Task inputs =
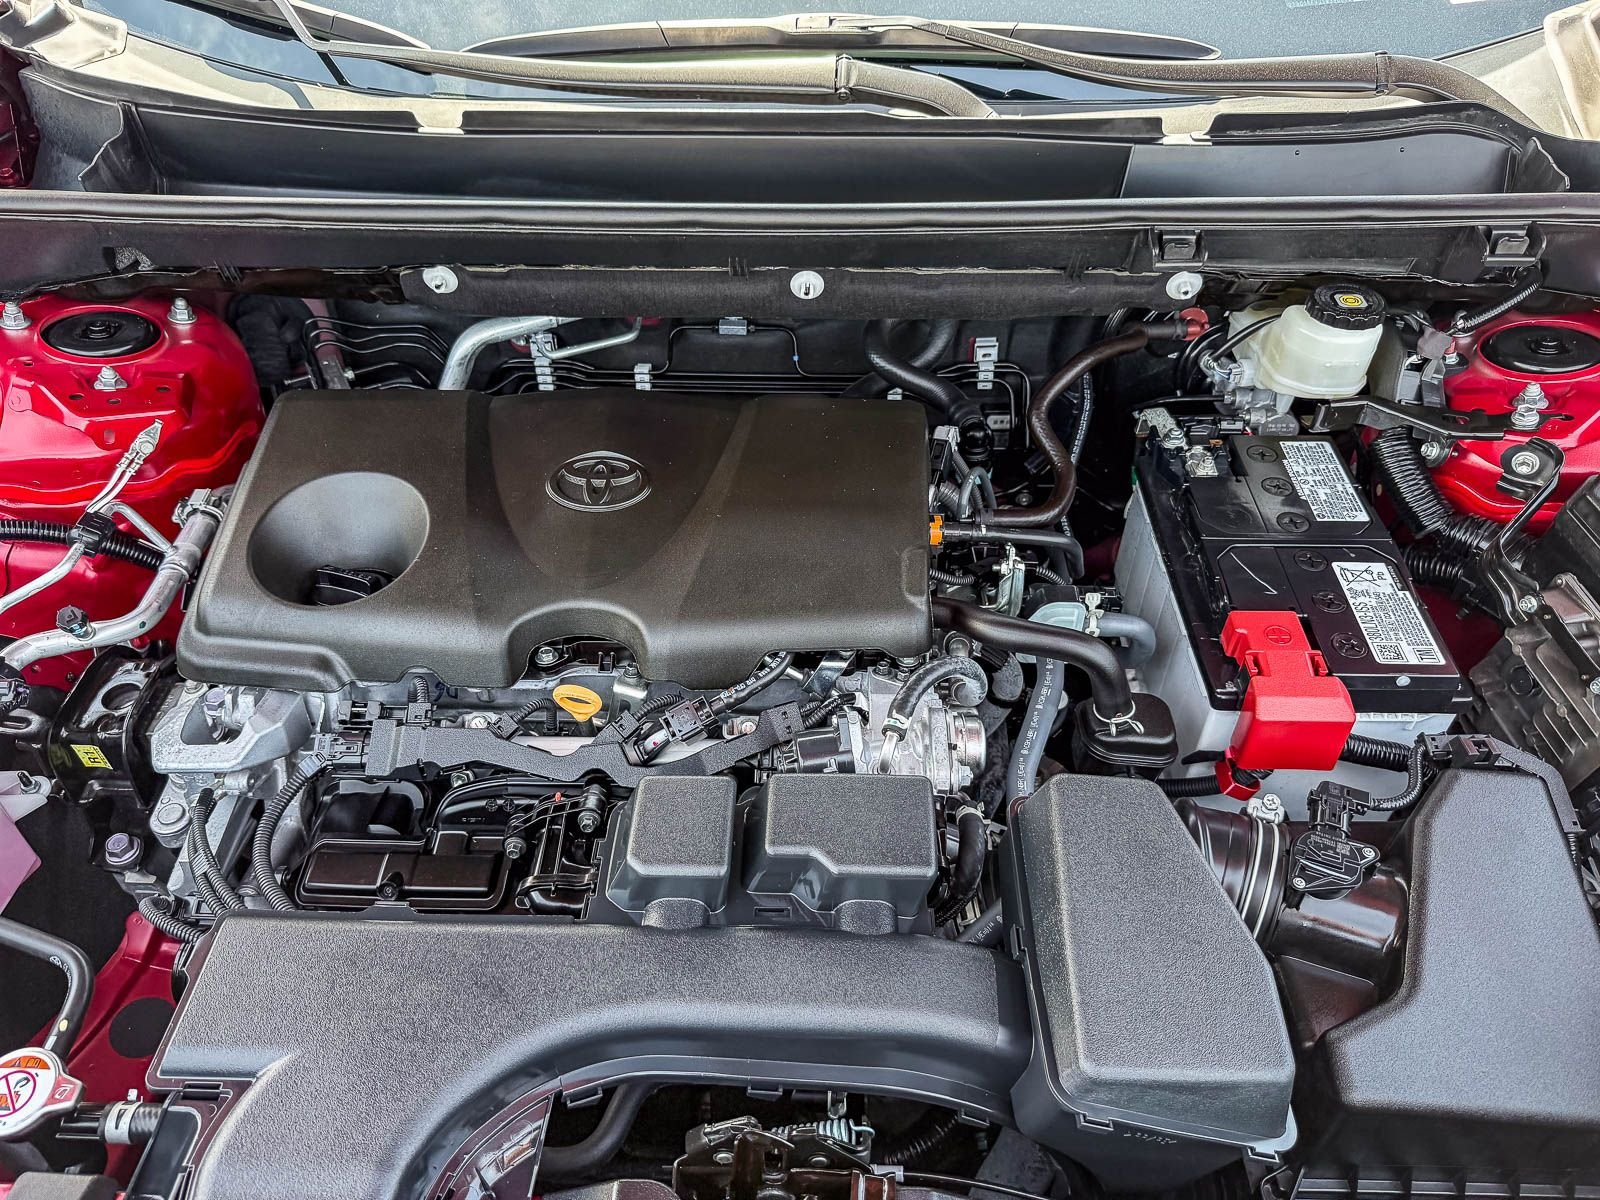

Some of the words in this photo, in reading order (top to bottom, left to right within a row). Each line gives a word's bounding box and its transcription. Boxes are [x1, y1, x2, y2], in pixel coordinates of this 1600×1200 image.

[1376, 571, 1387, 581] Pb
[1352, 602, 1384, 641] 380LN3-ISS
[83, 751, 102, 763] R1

---

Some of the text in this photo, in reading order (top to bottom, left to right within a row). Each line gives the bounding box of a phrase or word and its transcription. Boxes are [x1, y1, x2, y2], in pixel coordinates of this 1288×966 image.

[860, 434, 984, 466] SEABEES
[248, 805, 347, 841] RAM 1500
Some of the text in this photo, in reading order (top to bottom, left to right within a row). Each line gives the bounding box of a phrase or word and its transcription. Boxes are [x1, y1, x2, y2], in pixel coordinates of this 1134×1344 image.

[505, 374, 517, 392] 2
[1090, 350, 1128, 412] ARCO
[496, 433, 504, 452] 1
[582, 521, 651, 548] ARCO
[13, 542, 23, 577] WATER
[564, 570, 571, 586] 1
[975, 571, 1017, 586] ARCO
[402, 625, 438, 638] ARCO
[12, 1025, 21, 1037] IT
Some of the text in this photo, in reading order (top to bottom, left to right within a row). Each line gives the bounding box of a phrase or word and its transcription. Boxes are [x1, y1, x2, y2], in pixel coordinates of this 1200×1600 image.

...

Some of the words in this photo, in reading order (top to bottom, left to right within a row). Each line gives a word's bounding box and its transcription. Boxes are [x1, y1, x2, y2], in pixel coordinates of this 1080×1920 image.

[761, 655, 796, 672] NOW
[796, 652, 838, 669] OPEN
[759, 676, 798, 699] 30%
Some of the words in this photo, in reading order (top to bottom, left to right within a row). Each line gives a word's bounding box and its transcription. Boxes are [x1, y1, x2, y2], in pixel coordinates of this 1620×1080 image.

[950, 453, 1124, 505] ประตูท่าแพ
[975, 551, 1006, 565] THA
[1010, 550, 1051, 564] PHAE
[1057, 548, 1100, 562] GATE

Exercise prompt = Once you find the line with "this 1288×966 image." in the entries above, output it and each line after it up to and including the line with "this 1200×1600 image.", and nothing else.

Task output =
Some of the text in this photo, in reading order (top to bottom, left to right within a row). Each line gives the bounding box of a phrase or word and its transcription. Boxes are [x1, y1, x2, y2], in pixel coordinates of this 1288×966 image.

[860, 434, 984, 466] SEABEES
[248, 805, 347, 841] RAM 1500
Some of the text in this photo, in reading order (top to bottom, left to right within a row). Each line gives the bounding box of a phrase or word and its transcription. Boxes are [x1, y1, x2, y2], in pixel coordinates of this 1134×1344 image.

[505, 374, 517, 392] 2
[1090, 350, 1128, 412] ARCO
[496, 433, 504, 452] 1
[582, 521, 651, 548] ARCO
[13, 542, 23, 577] WATER
[564, 570, 571, 586] 1
[975, 571, 1017, 586] ARCO
[402, 625, 438, 638] ARCO
[12, 1025, 21, 1037] IT
Some of the text in this photo, in reading order (top to bottom, left to right within a row). Each line gives the bounding box of a phrase or word and its transcription. Boxes are [x1, y1, x2, y2], in pixel coordinates of this 1200×1600 image.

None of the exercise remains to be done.